Burnley pushed fiercely for an equaliser immediately after the first part of a Christian Pulisic trilogy but, led by Jorginho, Chelsea were soon able to put together the kind of assured spell of possession which could take the sting out of any game.

When Pulisic struck again moments before the break, it felt like game over.

Observers may point to the concession of two late goals as evidence of enduring defensive frailty (their record of 16 goals shipped is the poorest in the top half of the division) but there was little they could do about either Jay Rodriguez's wondergoal or Dwight McNeil's deflected effort.
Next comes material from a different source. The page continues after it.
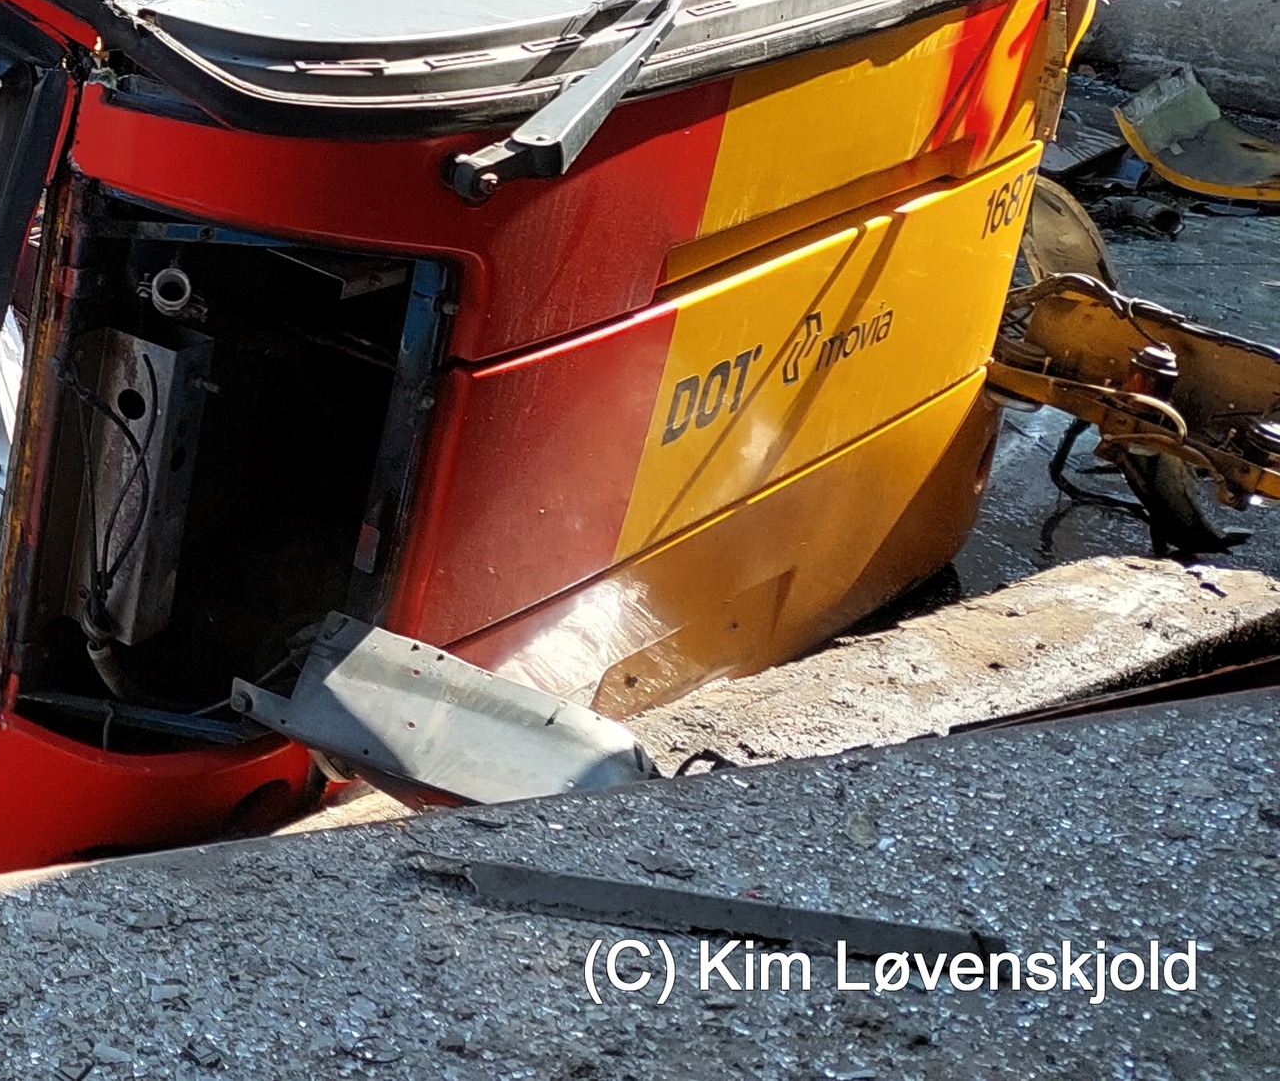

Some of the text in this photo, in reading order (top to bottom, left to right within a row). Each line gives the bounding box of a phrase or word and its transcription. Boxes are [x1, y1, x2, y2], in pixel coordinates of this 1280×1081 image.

[981, 166, 1038, 240] 1687
[661, 303, 894, 447] DOT movia
Besides, if and when N'Golo Kante, the world's best defensive midfielder, shrugs off this succession of injuries, their tally of clean sheets is bound to improve.

The bigger picture

At this very moment, it's difficult to look past Chelsea for a top-four spot, in part because of their evident strengths but also their rivals' debilitating weaknesses.

Arsenal continue to buckle on their travels, Manchester United are lingering in the bottom half with little sense of an upward trajectory and Spurs appear to have hit their ceiling under Mauricio Pochettino and landed pretty hard on the ground.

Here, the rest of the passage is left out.